In this continuing series, the topic of morality embraces a wide
range of essays from English, American and overseas scholars who
ponder contemporary questions such as eating foie gras, advertising
junk food, and master and servant relationships as well as
historical studies concerning fasting in the Reformation, food in
Dickens' novels, the ethics of early gastronomy and Jainism and
food. In nigh on forty essays the whole question of the interplay
between our eating habits and ethics is covered from multiple
angles.
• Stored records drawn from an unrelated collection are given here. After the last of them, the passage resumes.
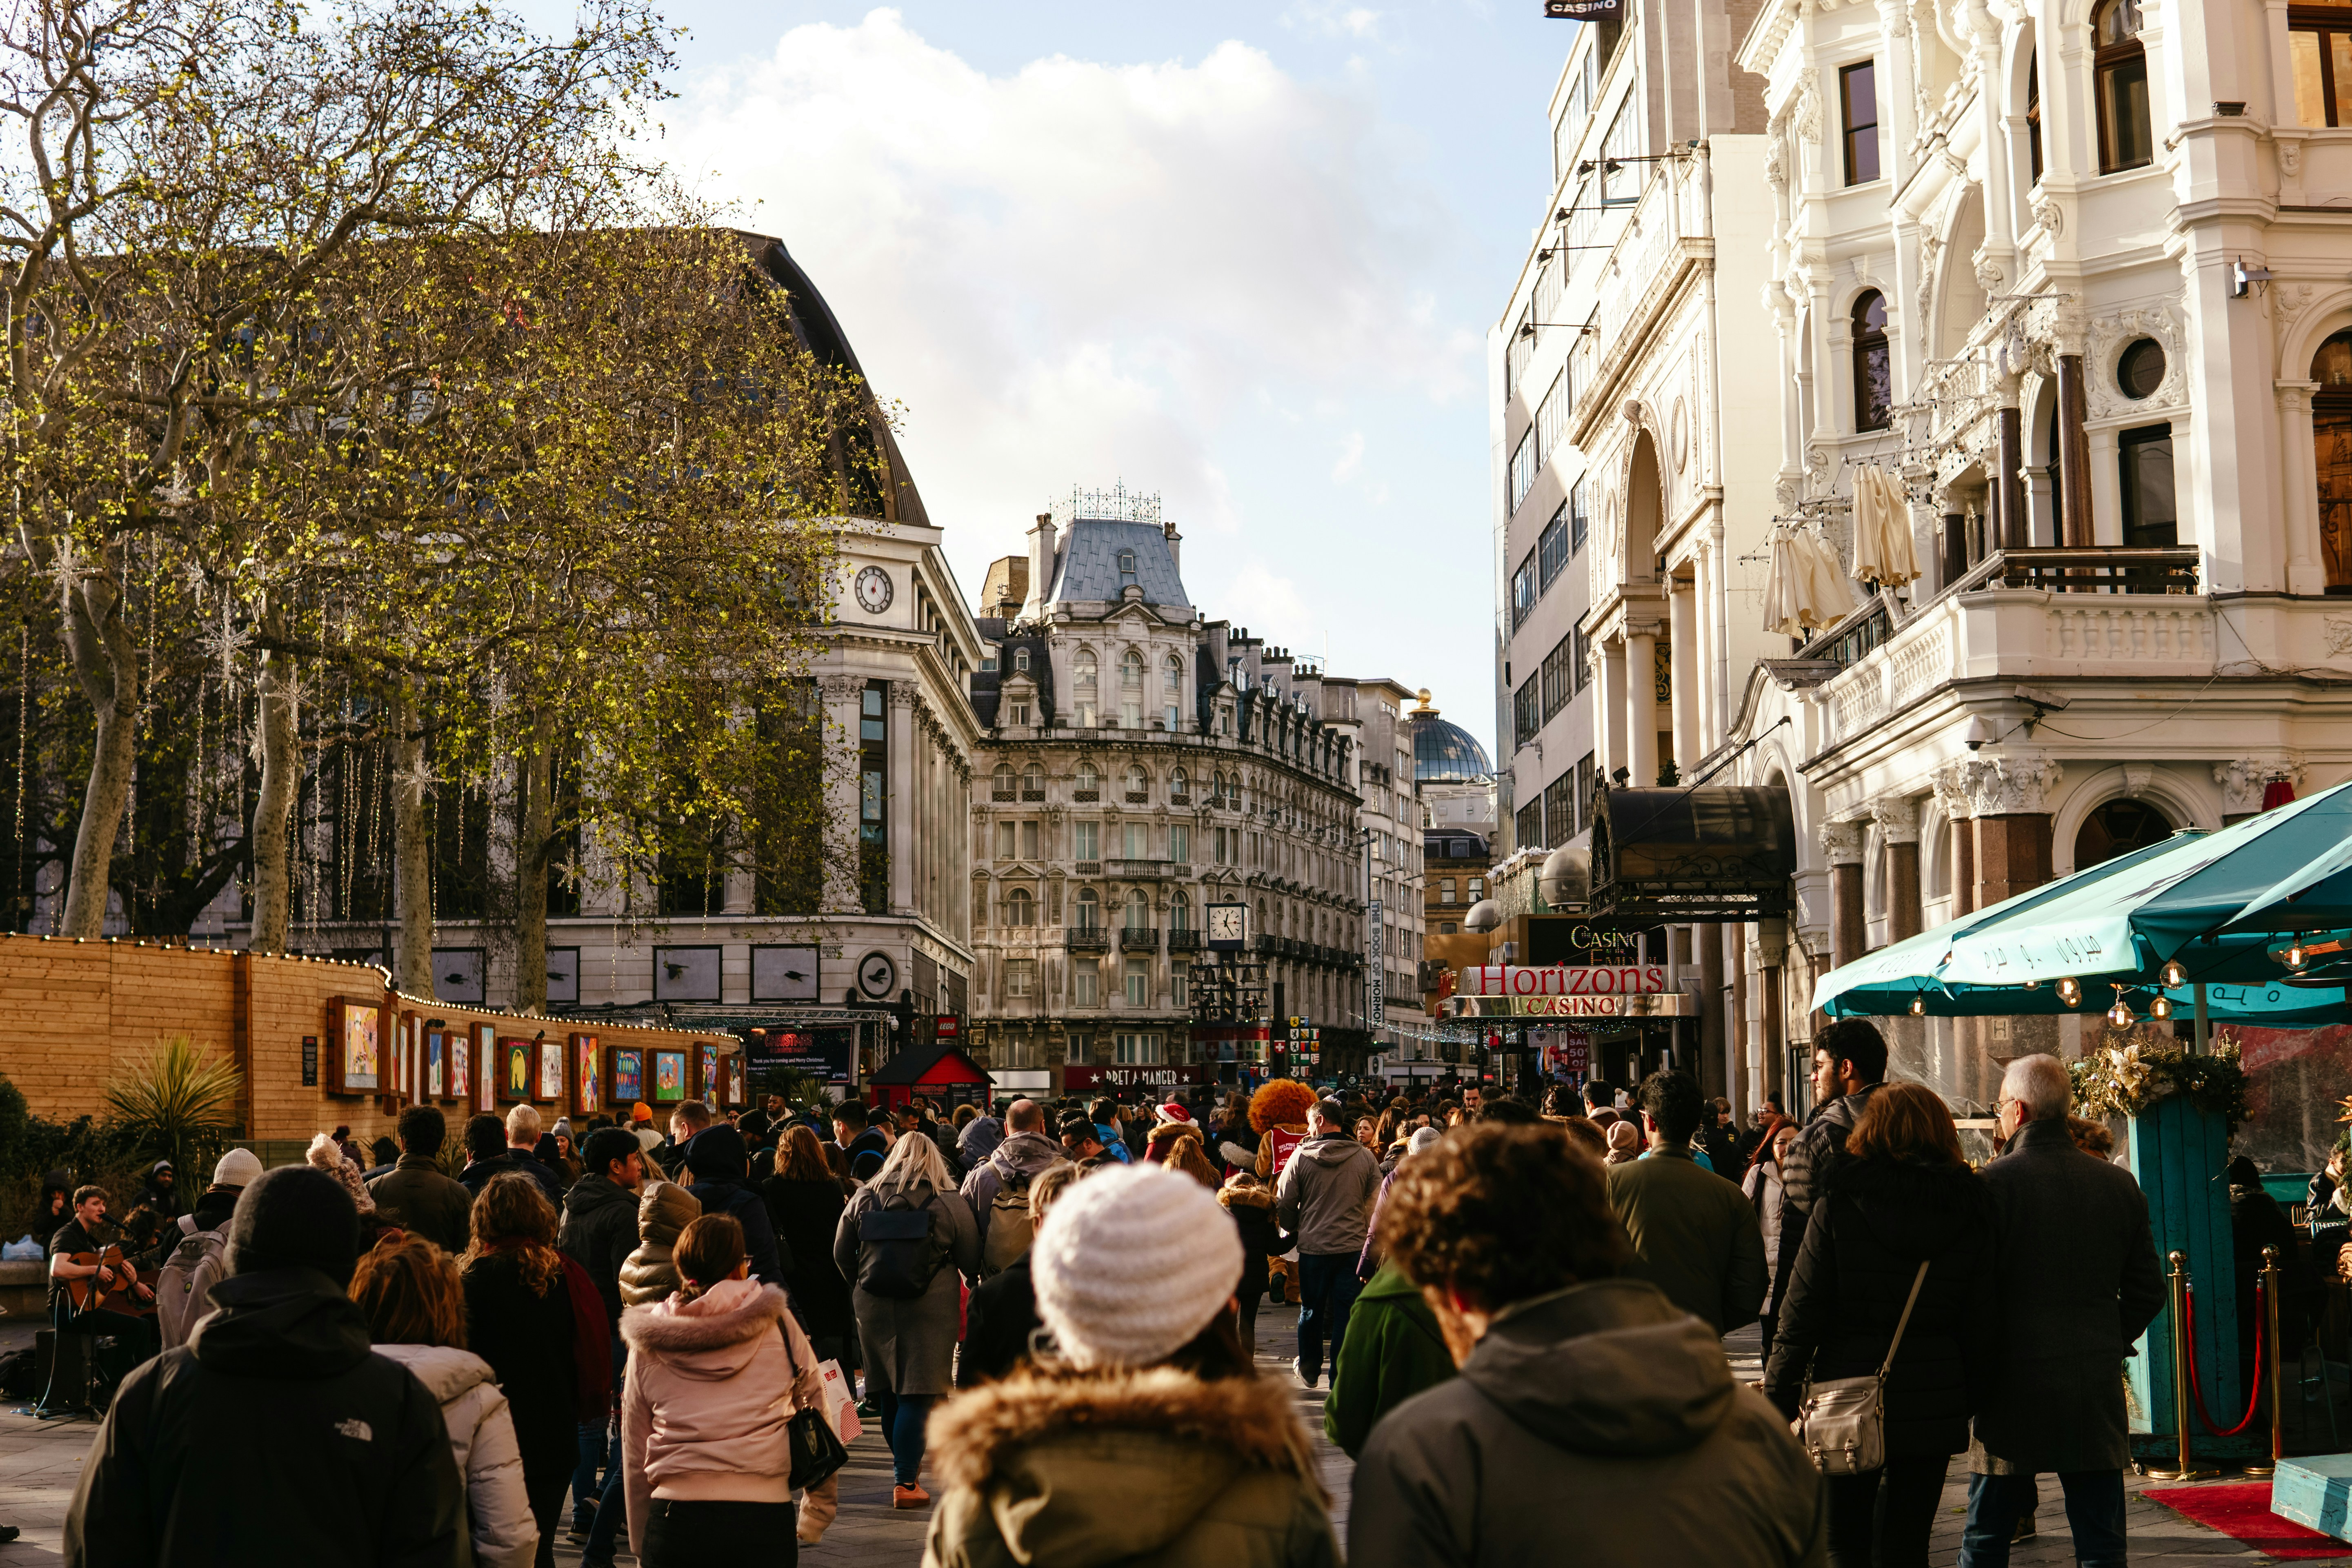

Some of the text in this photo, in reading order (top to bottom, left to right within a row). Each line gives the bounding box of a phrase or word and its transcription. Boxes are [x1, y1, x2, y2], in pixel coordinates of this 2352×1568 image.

[1551, 0, 1617, 13] CASINO
[1372, 927, 1381, 958] BOOK
[1373, 962, 1381, 976] OF
[1479, 961, 1663, 995] Horizons
[1527, 998, 1615, 1014] CASINO
[765, 1034, 813, 1047] CHRISTMAS
[1569, 1048, 1588, 1057] 50
[1106, 1070, 1129, 1085] PRET
[1143, 1070, 1177, 1085] MANGER
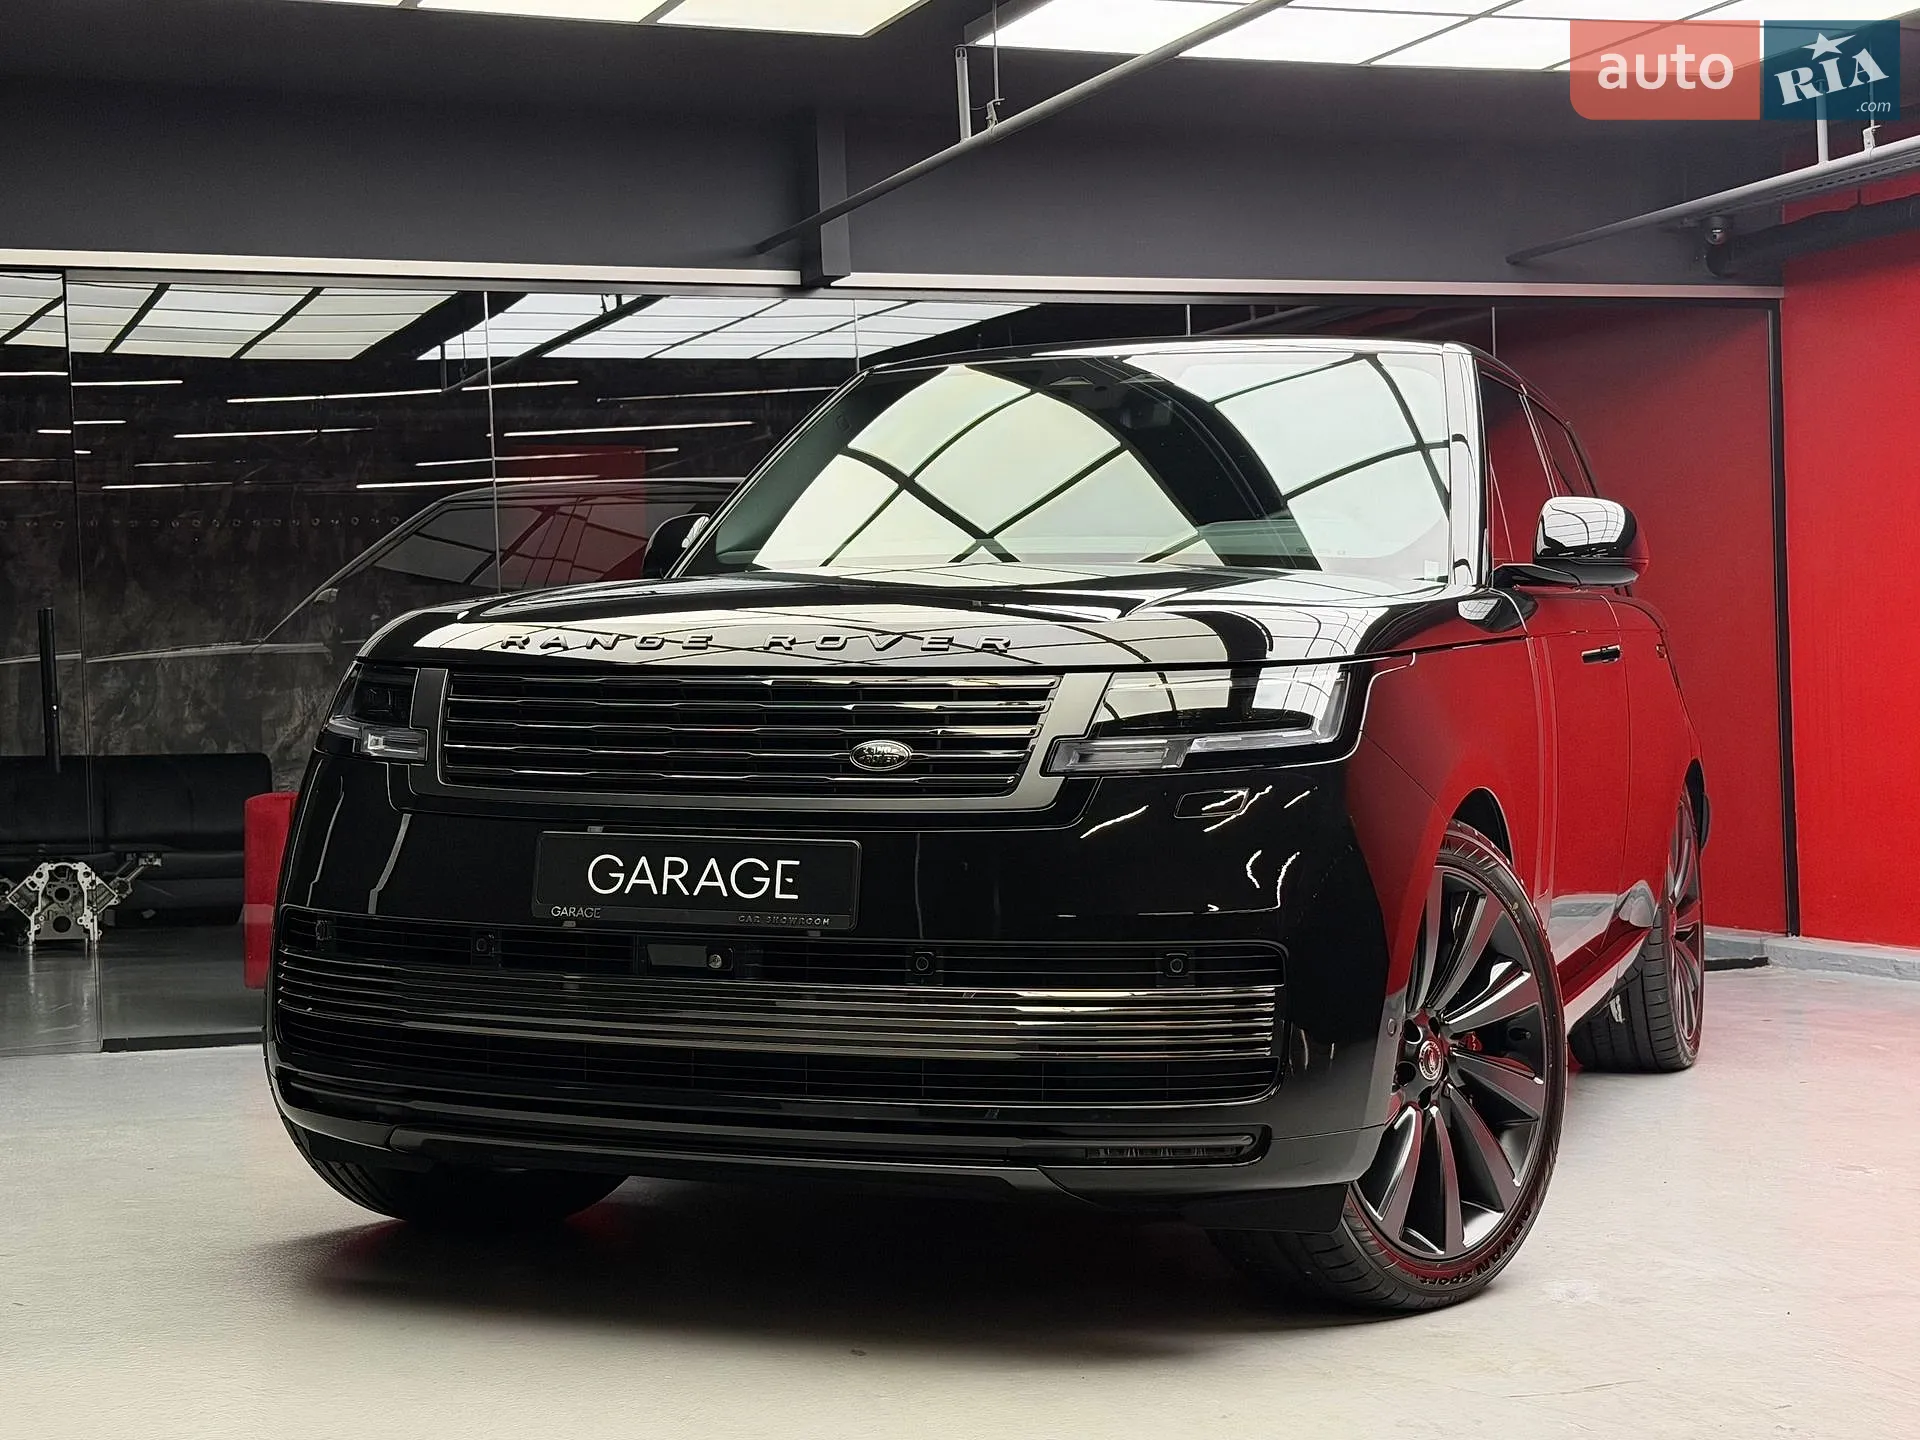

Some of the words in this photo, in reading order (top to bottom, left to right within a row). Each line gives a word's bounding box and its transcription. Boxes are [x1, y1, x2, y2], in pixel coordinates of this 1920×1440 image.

[500, 633, 713, 651] RANGE
[763, 633, 1012, 653] ROVER
[587, 853, 801, 900] GARAGE
[550, 905, 601, 919] GARAGE
[738, 914, 761, 924] CAR
[766, 915, 830, 926] SHOWROOM
The rise of ecological awareness and the intimate
connection between food habits and the big questions of life such
as global warming make the topic one of the most popular among
present students of foodways.This volume will be a significant
edition to the present debate. Some of the essays are as follows:
Holly Shaffer, "The Morality of Luxury Cuisine in Lucknow, India";
Marcia Zoladz, "Cacao in Brazil"; Andrew F. Smith, "Marketing Junk
Food to Children in the United States"; Raymond Sokolov, "The Myth
of Roman Decadence at Table; Cicilia Leong-Salobir, "The Colonial
Kitchen and the Role of Servants"; Ken Albala, "The Ideology of
Fasting in the Reformation Era"; Bruce Kraig, "Why Not Eat Pets?";
Rachel Ankeny, "The Moral Economy of Red Meat in Australia"; Tracy
Thong, "Traders and Tricksters in Ben Jonson's "Bartholomew Fair"";
Robert Appelbaum, "The Civility of Eating"; Rachel Laudan, "The
Refined Cuisine of Plain Cooking"; and Lilo Lloyd-Jones, "The
Glutton, Voluptuary and Epicure in Early Gastronomic Literature".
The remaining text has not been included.